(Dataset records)
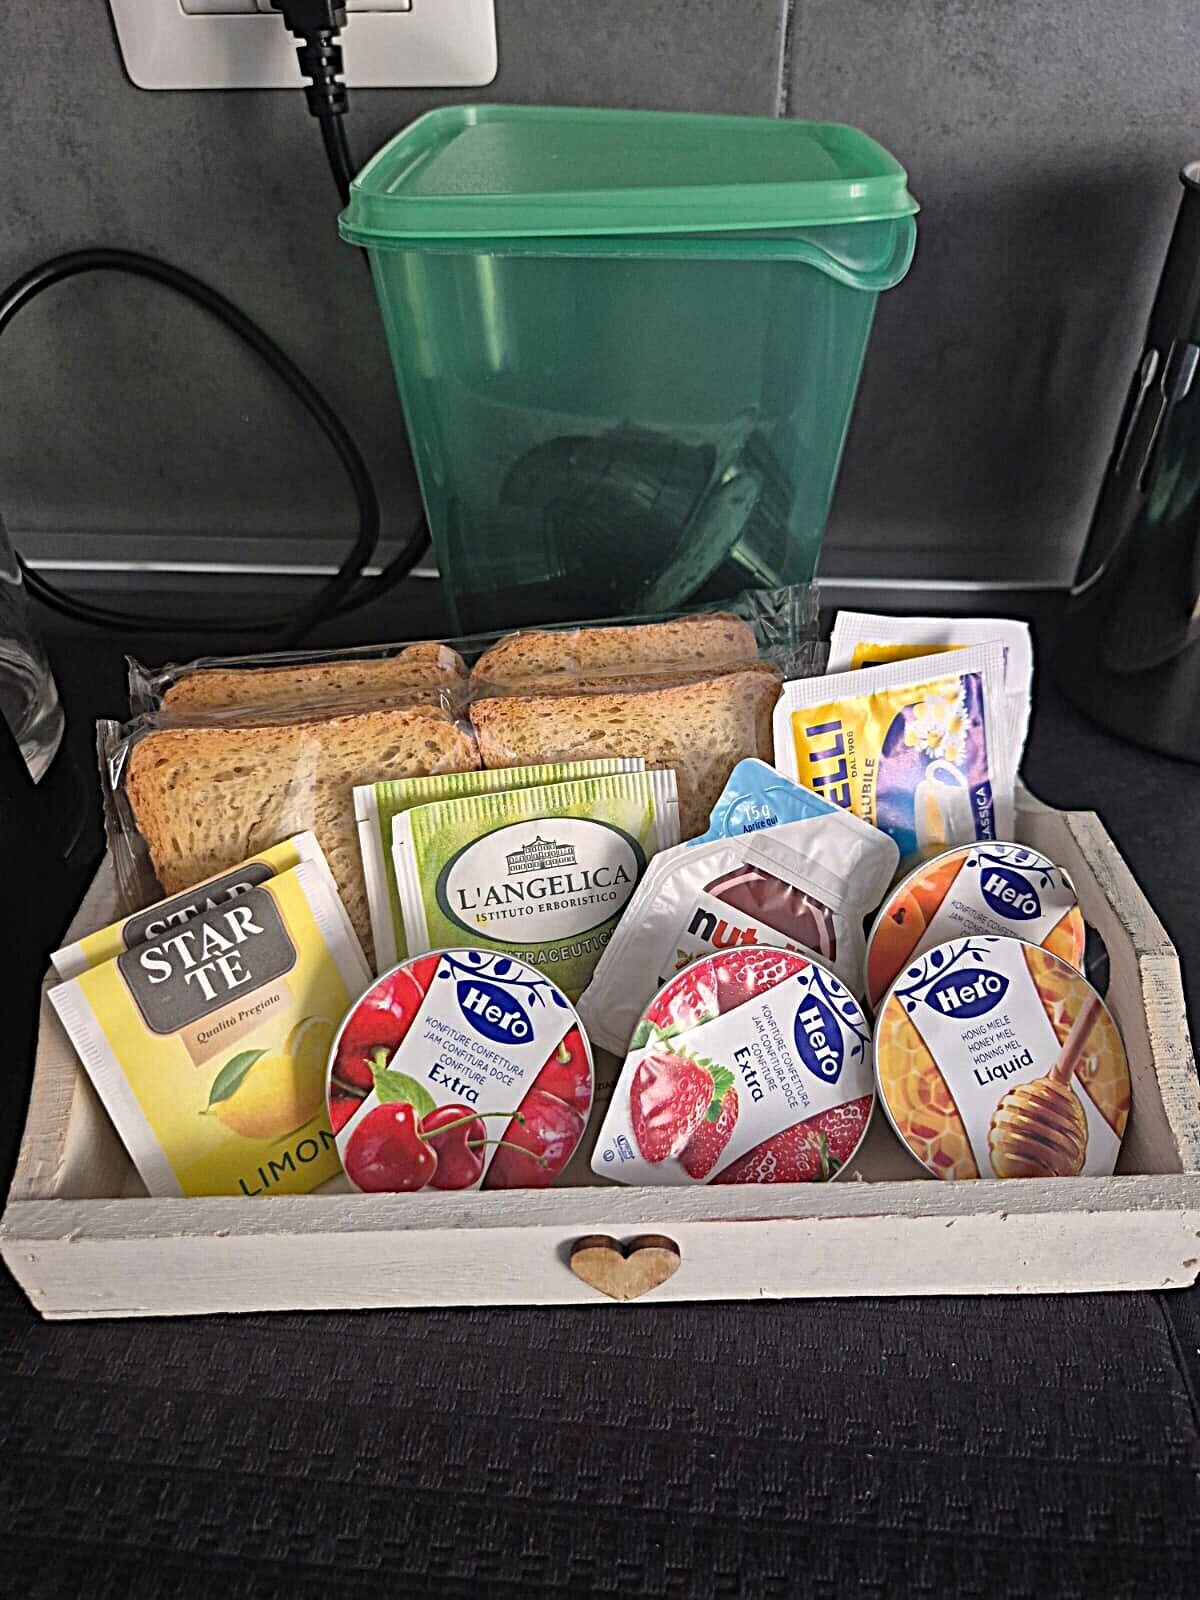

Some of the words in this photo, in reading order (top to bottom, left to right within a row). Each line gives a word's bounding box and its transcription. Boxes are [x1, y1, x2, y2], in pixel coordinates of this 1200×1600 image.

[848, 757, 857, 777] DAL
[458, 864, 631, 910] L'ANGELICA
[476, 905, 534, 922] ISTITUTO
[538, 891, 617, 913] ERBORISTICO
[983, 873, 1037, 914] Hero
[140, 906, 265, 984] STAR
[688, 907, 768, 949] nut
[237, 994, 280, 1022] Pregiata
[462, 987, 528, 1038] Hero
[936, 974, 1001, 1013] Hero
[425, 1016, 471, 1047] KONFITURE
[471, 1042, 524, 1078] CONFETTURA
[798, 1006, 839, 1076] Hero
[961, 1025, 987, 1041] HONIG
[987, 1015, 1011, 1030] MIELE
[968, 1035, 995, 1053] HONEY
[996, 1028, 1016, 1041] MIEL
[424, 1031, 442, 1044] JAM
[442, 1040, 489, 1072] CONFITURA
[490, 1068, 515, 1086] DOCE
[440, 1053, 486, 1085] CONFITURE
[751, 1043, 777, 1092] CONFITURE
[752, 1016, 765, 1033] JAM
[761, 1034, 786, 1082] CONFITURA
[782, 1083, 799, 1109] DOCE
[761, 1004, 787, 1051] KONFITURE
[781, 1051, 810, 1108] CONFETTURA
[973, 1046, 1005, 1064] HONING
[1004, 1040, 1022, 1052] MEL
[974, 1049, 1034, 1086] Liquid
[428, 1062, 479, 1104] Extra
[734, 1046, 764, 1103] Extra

• **The problem**:
Restate the data above word for word, omitting every picture.

• **Exercise response**:
Some of the words in this photo, in reading order (top to bottom, left to right within a row). Each line gives a word's bounding box and its transcription. Boxes are [x1, y1, x2, y2], in pixel coordinates of this 1200×1600 image.

[848, 757, 857, 777] DAL
[458, 864, 631, 910] L'ANGELICA
[476, 905, 534, 922] ISTITUTO
[538, 891, 617, 913] ERBORISTICO
[983, 873, 1037, 914] Hero
[140, 906, 265, 984] STAR
[688, 907, 768, 949] nut
[237, 994, 280, 1022] Pregiata
[462, 987, 528, 1038] Hero
[936, 974, 1001, 1013] Hero
[425, 1016, 471, 1047] KONFITURE
[471, 1042, 524, 1078] CONFETTURA
[798, 1006, 839, 1076] Hero
[961, 1025, 987, 1041] HONIG
[987, 1015, 1011, 1030] MIELE
[968, 1035, 995, 1053] HONEY
[996, 1028, 1016, 1041] MIEL
[424, 1031, 442, 1044] JAM
[442, 1040, 489, 1072] CONFITURA
[490, 1068, 515, 1086] DOCE
[440, 1053, 486, 1085] CONFITURE
[751, 1043, 777, 1092] CONFITURE
[752, 1016, 765, 1033] JAM
[761, 1034, 786, 1082] CONFITURA
[782, 1083, 799, 1109] DOCE
[761, 1004, 787, 1051] KONFITURE
[781, 1051, 810, 1108] CONFETTURA
[973, 1046, 1005, 1064] HONING
[1004, 1040, 1022, 1052] MEL
[974, 1049, 1034, 1086] Liquid
[428, 1062, 479, 1104] Extra
[734, 1046, 764, 1103] Extra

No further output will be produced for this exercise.